The histograms can give also useful insight. We give the relevant histograms for words, bigrams and trigrams.

ggplot(data= my_Words[1:20,], 
       aes( x = the_Words, y = Freq, fill = Freq)) + 
       geom_histogram(stat = "identity", col = "red") +
       ggtitle("Histogram for Words") + 
       labs( x = "Word", y = "Frequency") +
       theme(axis.text.x=element_text(angle=45,vjust=1,hjust=1), legend.position="none")

ggplot(data= my_Bigrams[1:20,], 
       aes( x = my_Bigrams, y = Freq, fill = Freq)) + 
       geom_histogram(stat = "identity", col = "red") +
       ggtitle("Histogram for Bigrams") + 
       labs( x = "Word", y = "Frequency") +
       theme(axis.text.x=element_text(angle=45,vjust=1,hjust=1), legend.position="none")

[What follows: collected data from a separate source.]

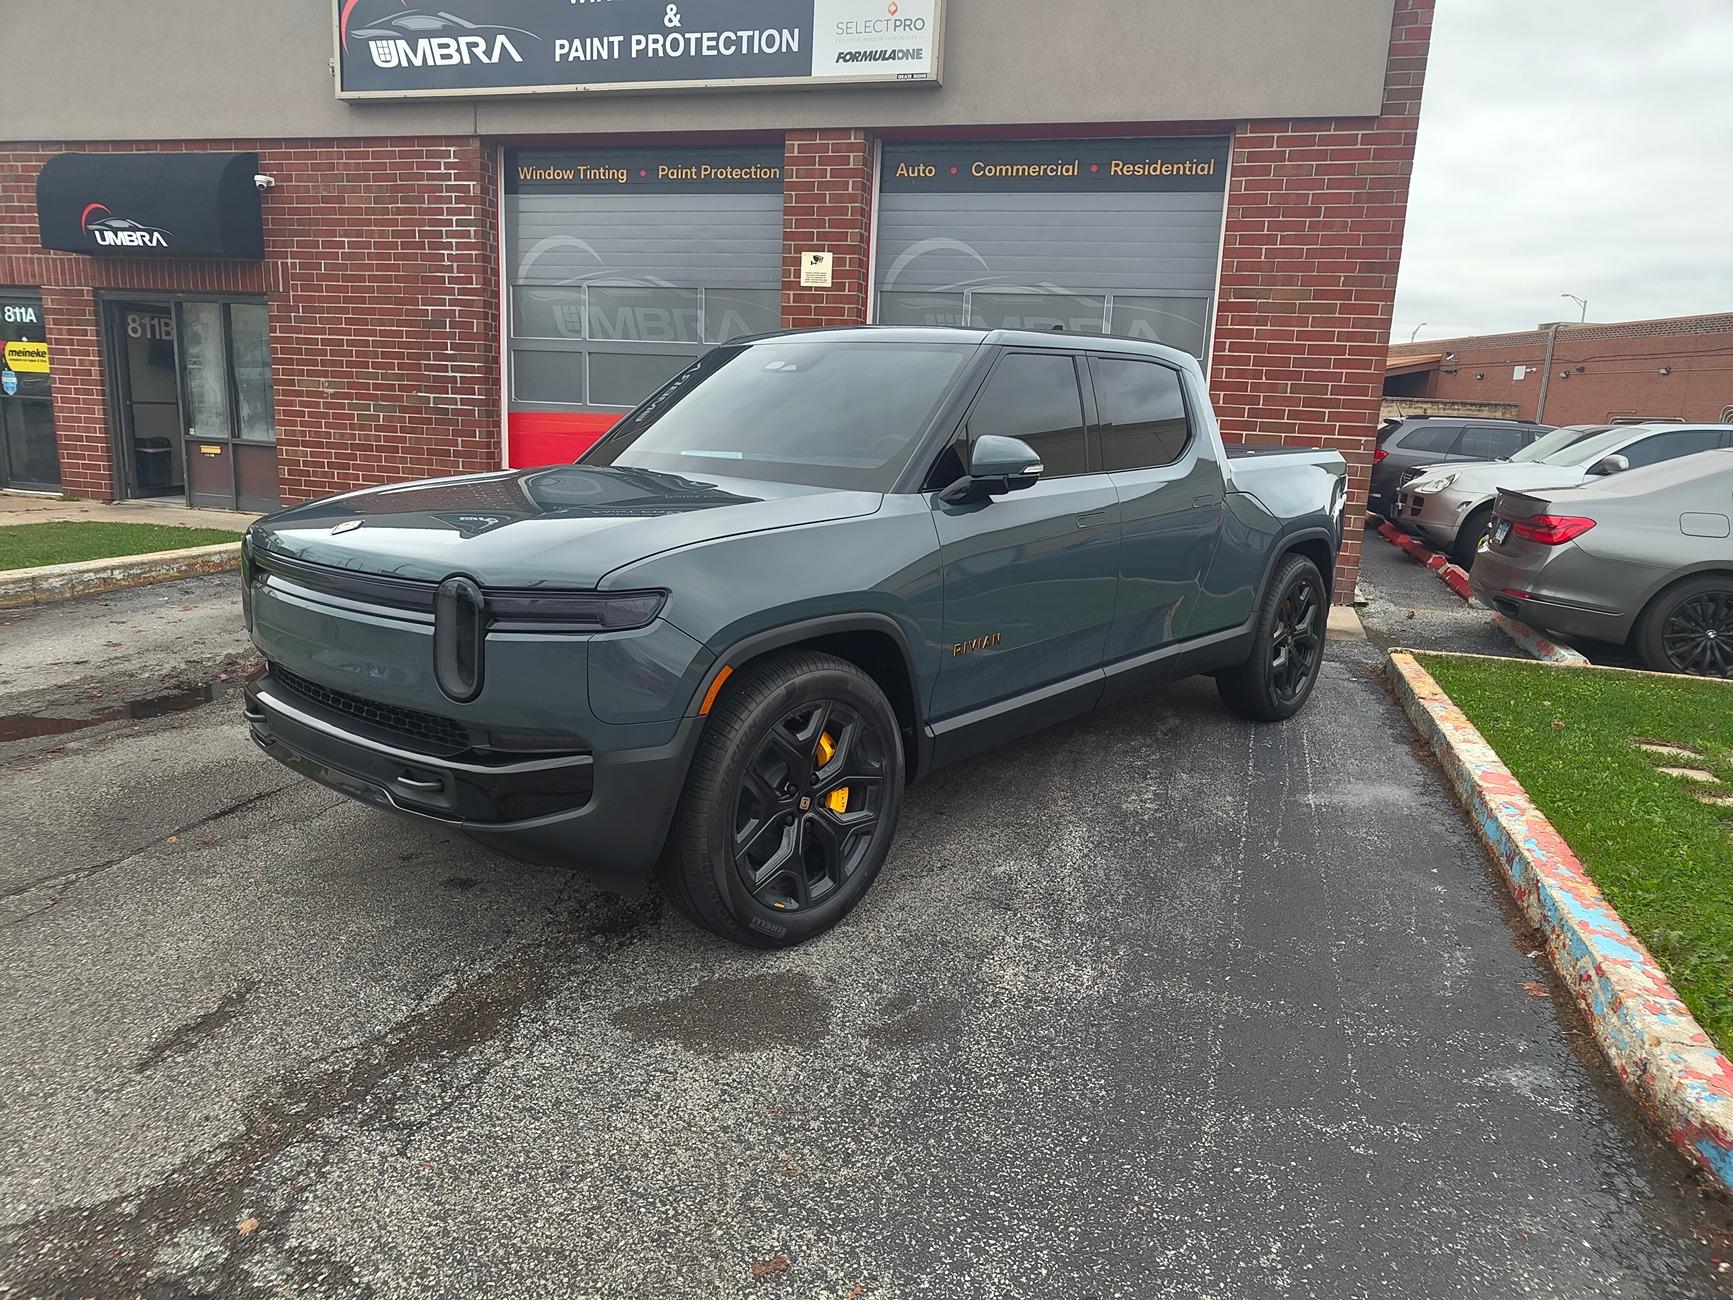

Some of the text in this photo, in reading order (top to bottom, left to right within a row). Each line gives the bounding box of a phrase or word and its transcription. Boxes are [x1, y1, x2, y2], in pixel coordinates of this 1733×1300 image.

[663, 4, 682, 28] &
[368, 34, 524, 68] UMBRA
[554, 28, 800, 62] PAINT PROTECTION
[835, 48, 923, 63] FORMULAONE
[518, 164, 780, 183] Window Tinting Paint Protection
[895, 158, 1215, 177] Auto Commercial Residential
[94, 230, 168, 248] UMBRA
[4, 306, 37, 323] 811A
[128, 314, 174, 340] 811B
[8, 347, 47, 358] meineke

ggplot(data= my_Trigrams[1:20,], 
       aes( x = my_Trigrams, y = Freq, fill = Freq)) + 
       geom_histogram(stat = "identity", col = "red") +
       ggtitle("Histogram for Trigrams") + 
       labs( x = "Word", y = "Frequency") +
       theme(axis.text.x=element_text(angle=45,vjust=1,hjust=1), legend.position="none")

Findings

From the above histograms it is evident that we get an approximately exponential decline of the frequency that a word appears as we ‘descent’ in the frequency table. This is a direct consequence of the Zipf’s law that states that the frequency of any word is inversely proportional to its rank in the frequency table.

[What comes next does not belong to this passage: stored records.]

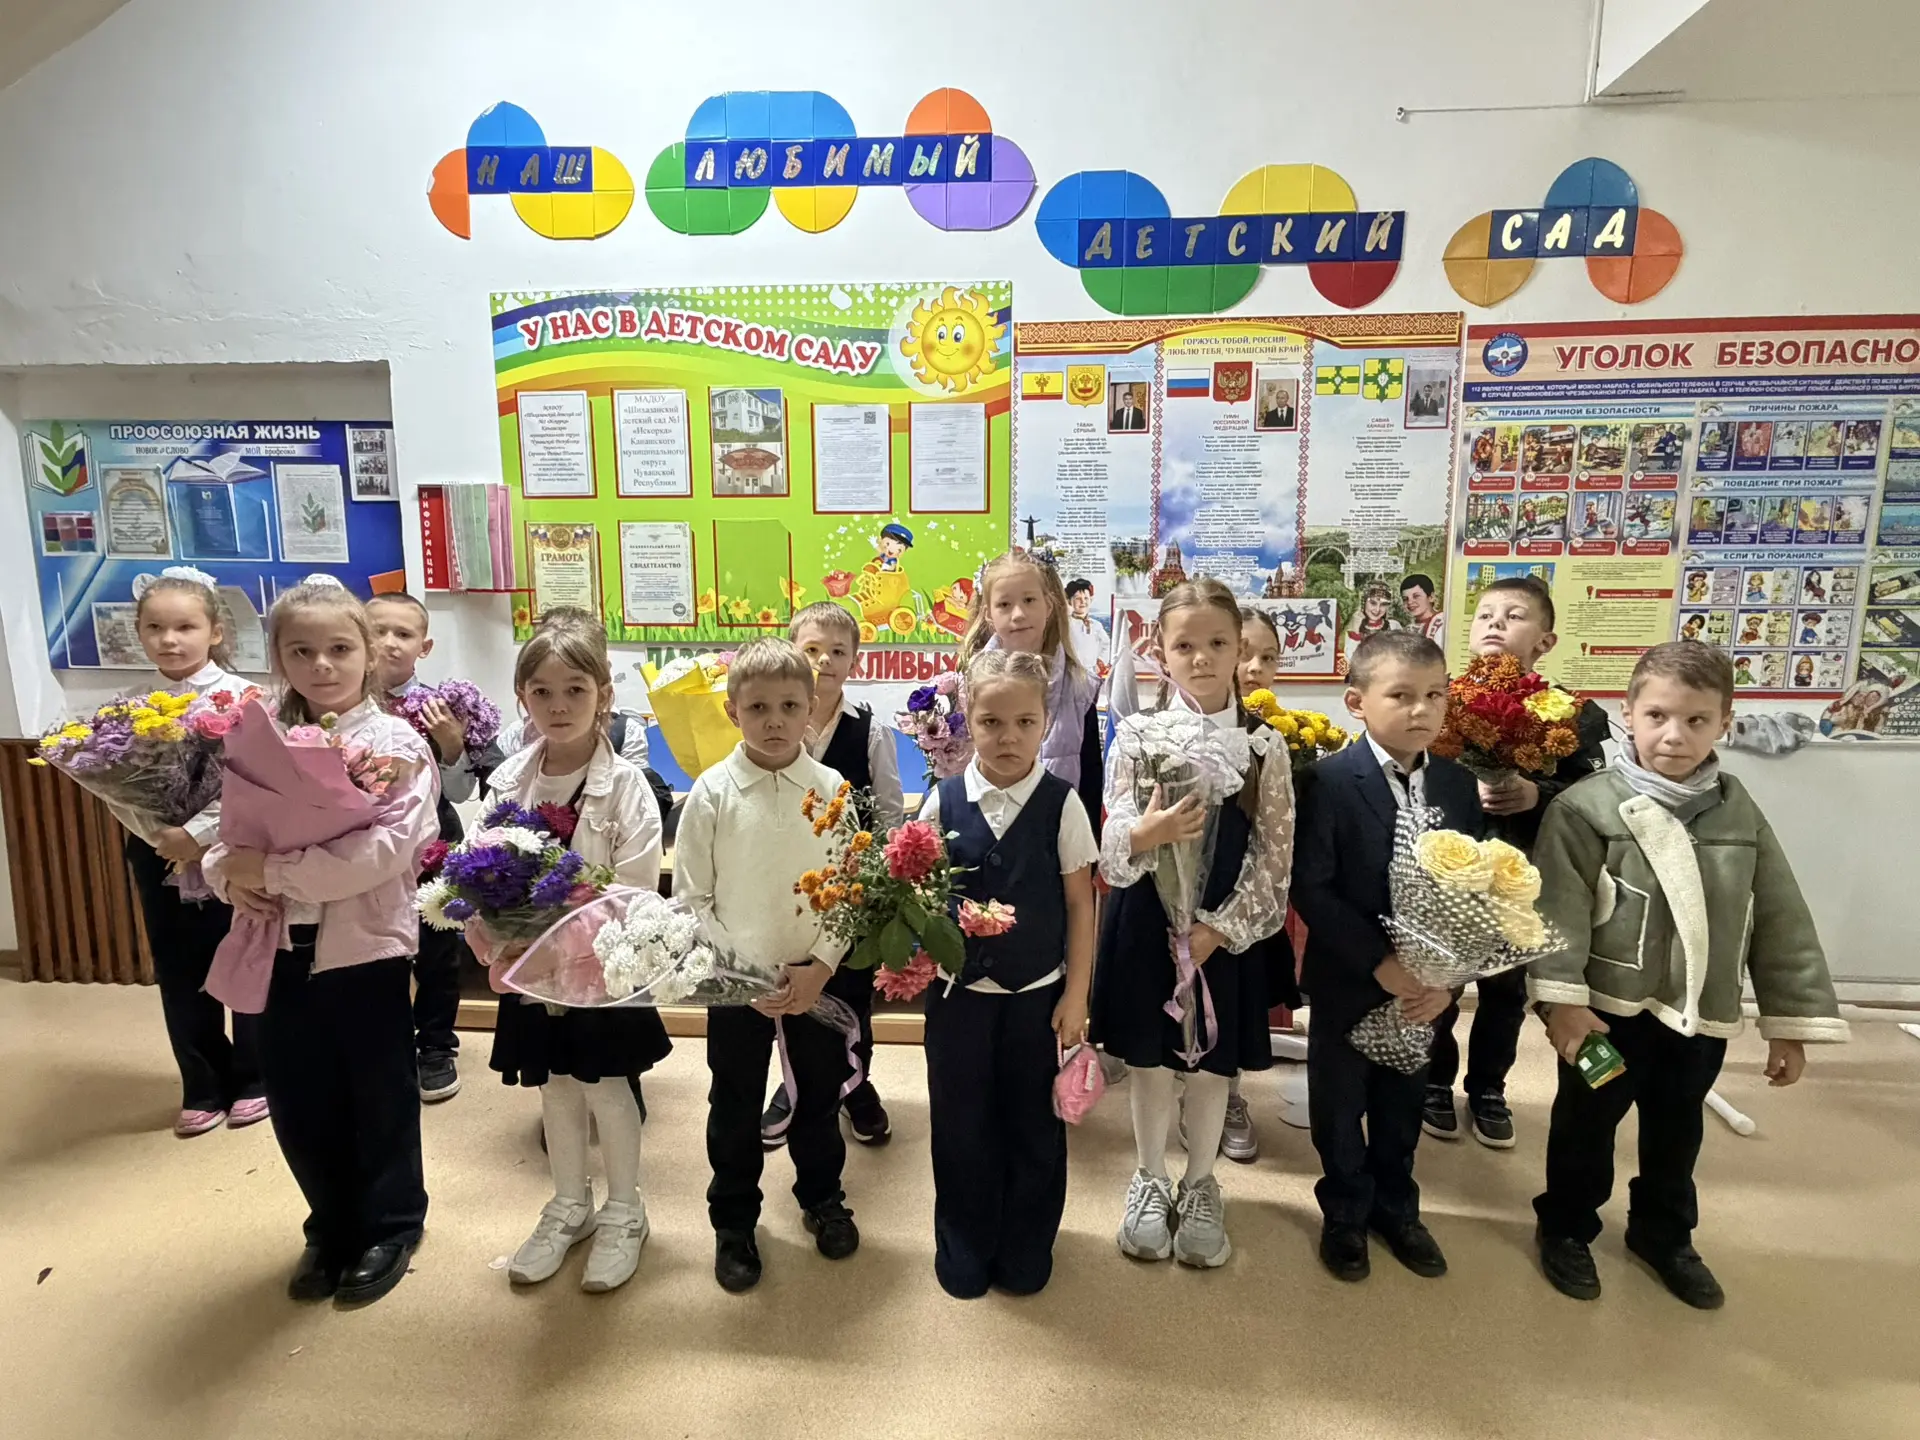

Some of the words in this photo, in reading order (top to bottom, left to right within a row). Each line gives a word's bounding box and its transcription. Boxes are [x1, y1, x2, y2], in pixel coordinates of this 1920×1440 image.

[477, 153, 585, 186] НАШ
[695, 136, 978, 182] ЛЮБИМЫЙ
[1084, 211, 1393, 261] ДЕТСКИЙ
[1500, 209, 1626, 251] САД
[519, 319, 541, 346] У
[550, 310, 610, 340] НАС
[618, 309, 637, 334] В
[644, 310, 789, 357] ДЕТСКОМ
[795, 338, 880, 372] САДУ
[1183, 337, 1220, 345] ГОРЖУСЬ
[1222, 335, 1251, 345] ТОБОЙ,
[1252, 335, 1287, 343] РОССИЯ!
[1202, 347, 1223, 355] ТЕБЯ,
[1225, 345, 1278, 354] ЧУВАШСКИЙ
[1280, 344, 1302, 353] КРАЙ!
[1556, 342, 1695, 370] УГОЛОК
[1717, 338, 1920, 366] БЕЗОПАСНО
[634, 395, 666, 404] МАДОУ
[1498, 408, 1541, 416] ПРАВИЛА
[1585, 406, 1661, 415] БЕЗОПАСНОСТИ
[1748, 404, 1796, 412] ПРИЧИНЫ
[1798, 403, 1839, 411] ПОЖАРА
[622, 416, 652, 424] детский
[668, 415, 680, 424] №1
[110, 424, 249, 440] ПРОФСОЮЗНАЯ
[253, 425, 321, 440] ЖИЗНЬ
[164, 446, 189, 455] СЛОВО
[245, 446, 261, 455] МОЙ
[641, 459, 666, 467] округа
[1723, 479, 1779, 488] ПОВЕДЕНИЕ
[1782, 479, 1801, 487] ПРИ
[1803, 478, 1843, 487] ПОЖАРЕ
[421, 491, 434, 585] ИНФОРМАЦИЯ
[541, 553, 584, 562] ГРАМОТА
[1723, 552, 1748, 560] ЕСЛИ
[1751, 552, 1766, 560] ТЫ
[1768, 552, 1824, 560] ПОРАНИЛСЯ

This has as a consequence that we can cover most of the written language with a considerable smaller subset of words. For example in our case we can cover 50% of the written corpus with the following number of words

sumCover <- 0
sum_word_fr <- sum(my_Words$Freq)
for(i in 1:length(my_Words$Freq)) {
  sumCover <- sumCover + my_Words$Freq[i]
  if(sumCover >= 0.5*sum_word_fr){break}
}
##Number of words to cover 50% of the written language
print(i)
## [1] 139

while the 90% of the words with

sumCover <- 0
sum_word_fr <- sum(my_Words$Freq)
for(i in 1:length(my_Words$Freq)) {
  sumCover <- sumCover + my_Words$Freq[i]
  if(sumCover >= 0.9*sum_word_fr){break}
}
##Number of words to cover 90% of the written language
print(i)
## [1] 6551

While the total number of unique words in the corpus are

length(my_Words[,1])
## [1] 20001

which is a considerable larger number from the number of words needed to cover 90% of the corpus. This is very important observation since it will allow as to reduce the size of the ngram frequency tables in order to speed up the app without sacrificing too much prediction accuracy.

Future plans

The computational efficiency of the various functions given in the literature that calculates ngrams must be further evaluated. Ideally, we want to produce the longest possible Ngram for the biggest possible corpus. A few packages that claim efficient computation of Ngrams are tau, ngram and quanteda. There is also the possibility of building an efficient algorithm from scratch using Markov Chains but this will be time consuming.

Ideally, we will produce frequency tables for each type of N-grams (word, bigram, trigram and potentially quadgram). Then, we will use these frequency tables to predict the next word, using the following algorithm.

-Take the last three words of the input text and compare with the quadgram table to find a match with the three first words of a quadgram. If you find a match give the last word of the quadgram as the predicted word.

-Else, repeat the same process with the last two words and compare with the trigram table.

-Else, repeat the same process with the last word and compare with the bigram table.

-Else, give the most frequently used word.

Finally, the look-up tables that will be produced must be also evaluated in terms of efficiency. Since, very rare ngrams are not useful for prediction we must reduce the length of the frequency tables to a point that it balances computational complexity and accuracy of prediction.